What you output should match the data below exactly.
START Supplied data
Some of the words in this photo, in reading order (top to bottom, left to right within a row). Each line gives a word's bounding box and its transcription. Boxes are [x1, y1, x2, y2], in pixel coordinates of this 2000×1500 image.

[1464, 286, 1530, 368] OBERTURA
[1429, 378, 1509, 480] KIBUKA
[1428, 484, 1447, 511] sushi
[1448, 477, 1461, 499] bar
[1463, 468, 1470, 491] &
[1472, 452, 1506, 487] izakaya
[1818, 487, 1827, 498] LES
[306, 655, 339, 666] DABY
END Supplied data
Finished task ->
Some of the words in this photo, in reading order (top to bottom, left to right within a row). Each line gives a word's bounding box and its transcription. Boxes are [x1, y1, x2, y2], in pixel coordinates of this 2000×1500 image.

[1464, 286, 1530, 368] OBERTURA
[1429, 378, 1509, 480] KIBUKA
[1428, 484, 1447, 511] sushi
[1448, 477, 1461, 499] bar
[1463, 468, 1470, 491] &
[1472, 452, 1506, 487] izakaya
[1818, 487, 1827, 498] LES
[306, 655, 339, 666] DABY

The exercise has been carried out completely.